Web application performance is fundamentally tied to the network and the speed at which we can deliver an asset to the end-user device.
However, even if a web application has all assets optimally delivered and/or cached, that doesn't mean that it will run fast or render quickly when it is needed during runtime on the end-user's device.
At a high level, there are two primary performance bottlenecks on the web:
- Networking - the round-trip time to acquire an asset or data payload from a remote server
- End-user Device Compute - the amount of computational overhead required on the end-user's device
Consider the following React-based SPA:
ReactDOM.render(<MyApp />, document.getElementById('root'))
A common and insightful optimization would be to apply Cache-Control
headers to the
vendor-bundle JS files.

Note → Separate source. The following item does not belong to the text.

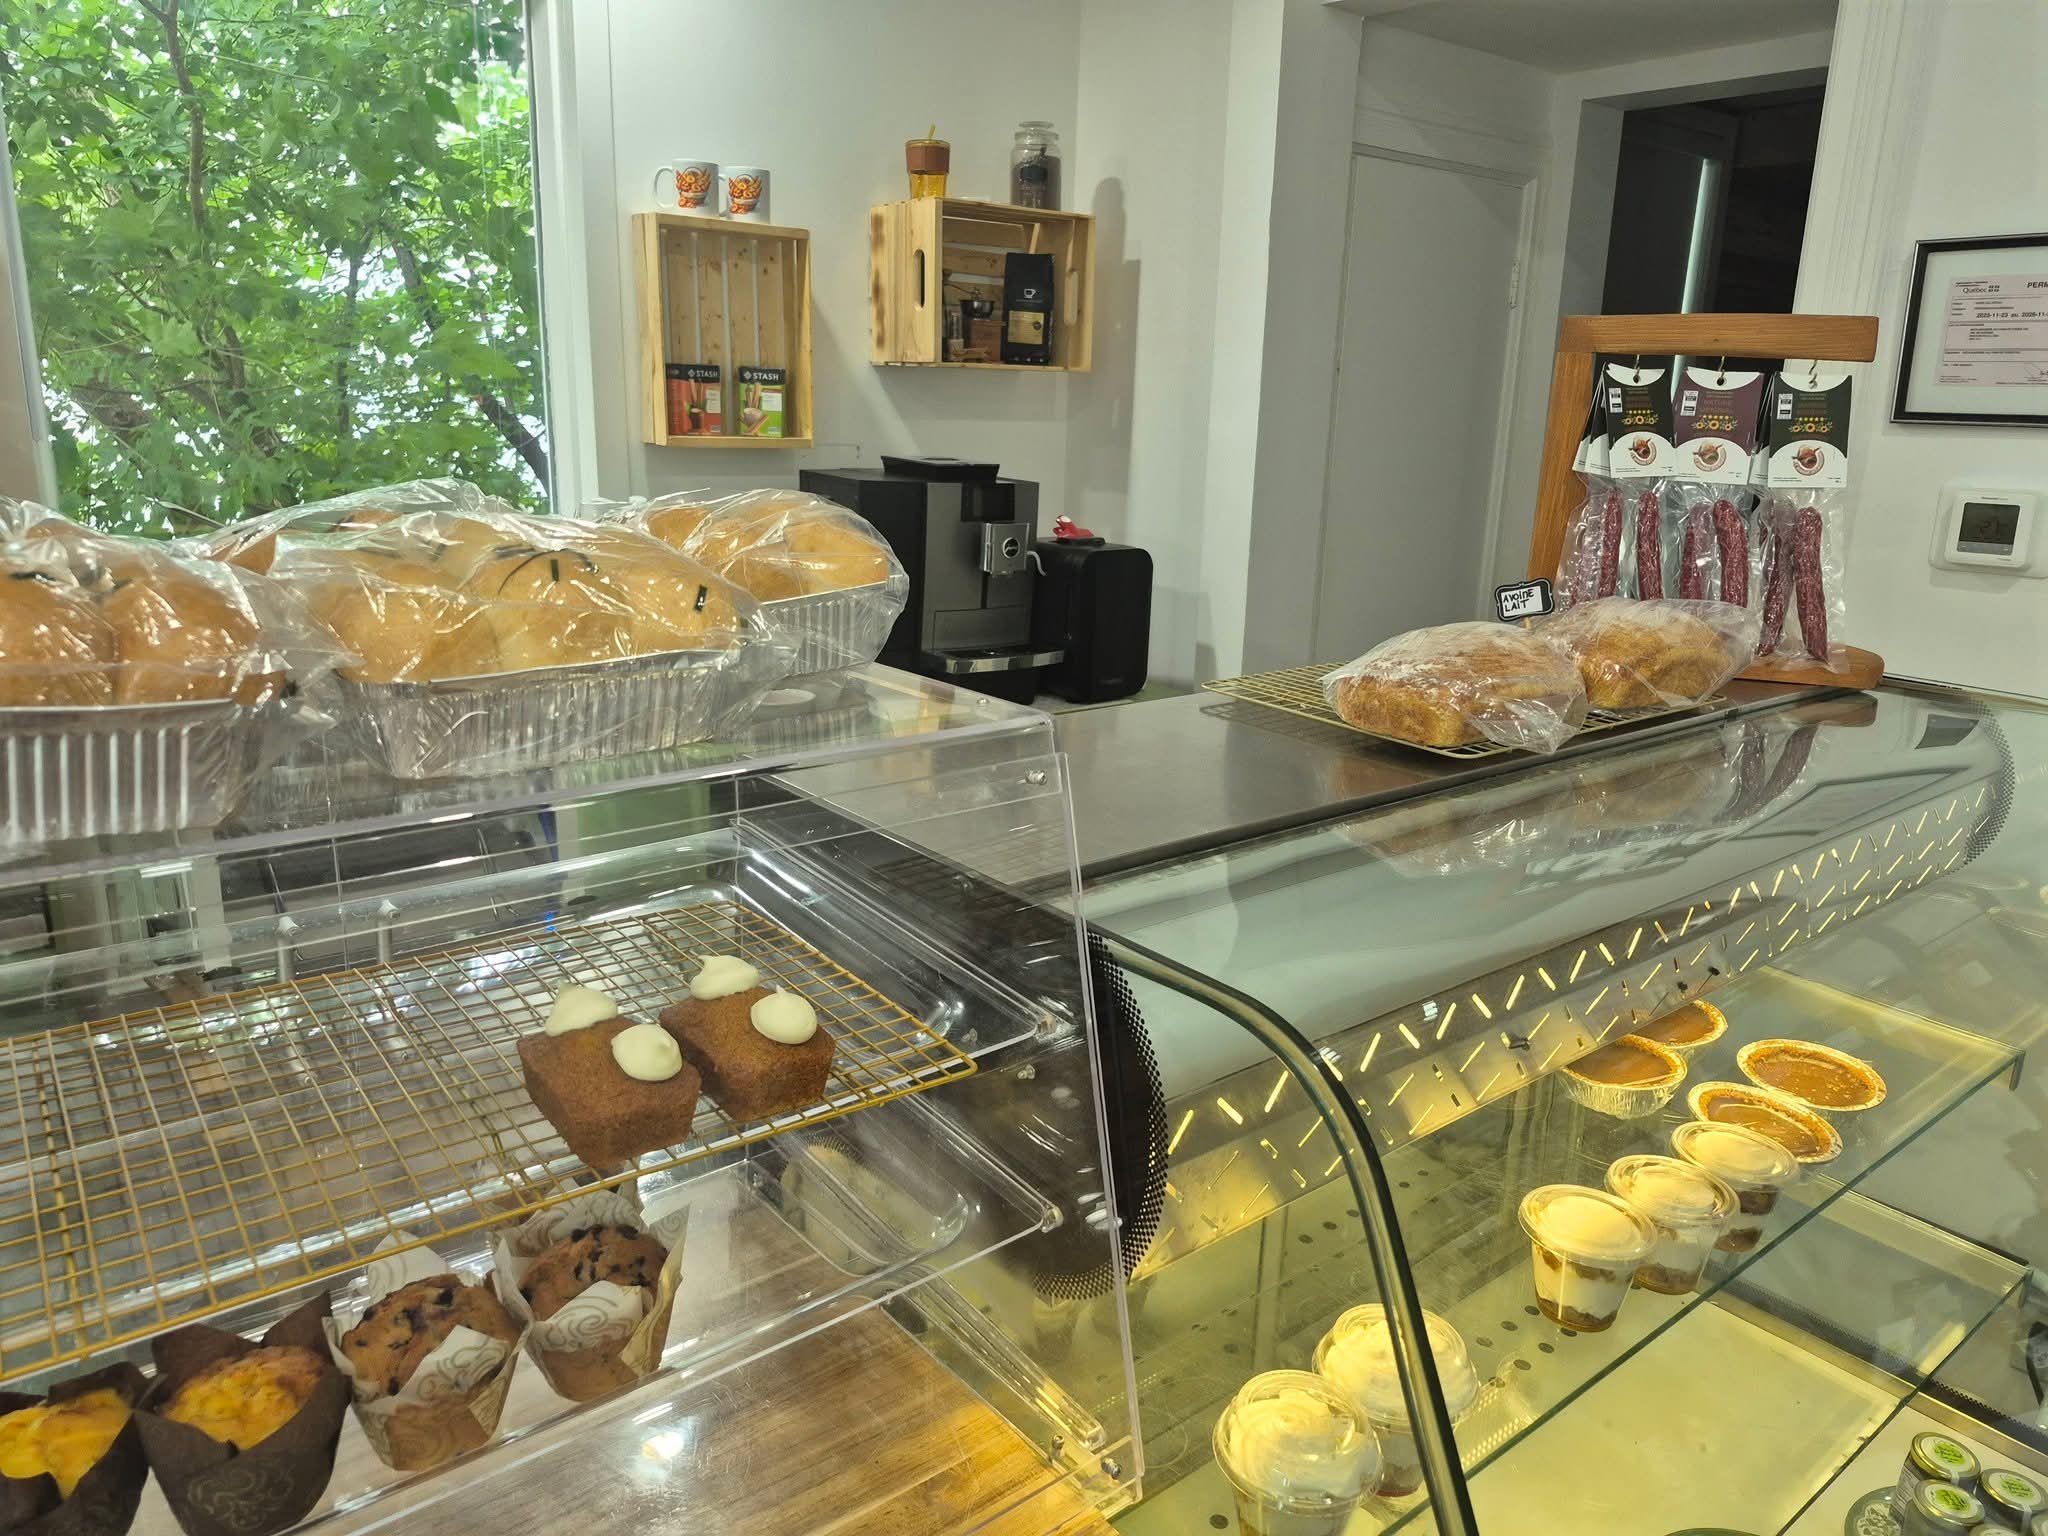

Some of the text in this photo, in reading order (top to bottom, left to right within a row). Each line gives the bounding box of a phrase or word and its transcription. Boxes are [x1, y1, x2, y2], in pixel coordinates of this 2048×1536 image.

[696, 370, 718, 378] STASH
[752, 372, 779, 381] STASH
[1504, 598, 1530, 612] LAIT

One might even go further and use a Service Worker to
The following diagram overviews the process of loading a script from disk cache:
Let's consider some of the various bottlenecks that arise here.
Inter-Process Communication (IPC) is how processes in the browser send messages between each other.
Browser cache stores cached files on the end-user's device on disk. Disk access is not granted to the process executing your web application and is performed by the dedicated Network process, which loads cached assets from disk for all tabs and windows across the browser.
The process running the Web Application sends an IPC message to a dedicated Network process to load an asset. The asset is loaded from disk by the Network process and transferred back to the Web Application process via an IPC message.
IPC messages are not instantaneous. Furthermore, a large asset will require more time to fully transfer across the IPC channels.
The asset size will have a direct impact on how long this IPC transfer takes, and text compression like GZip or Brotli will not help mitigate this cost!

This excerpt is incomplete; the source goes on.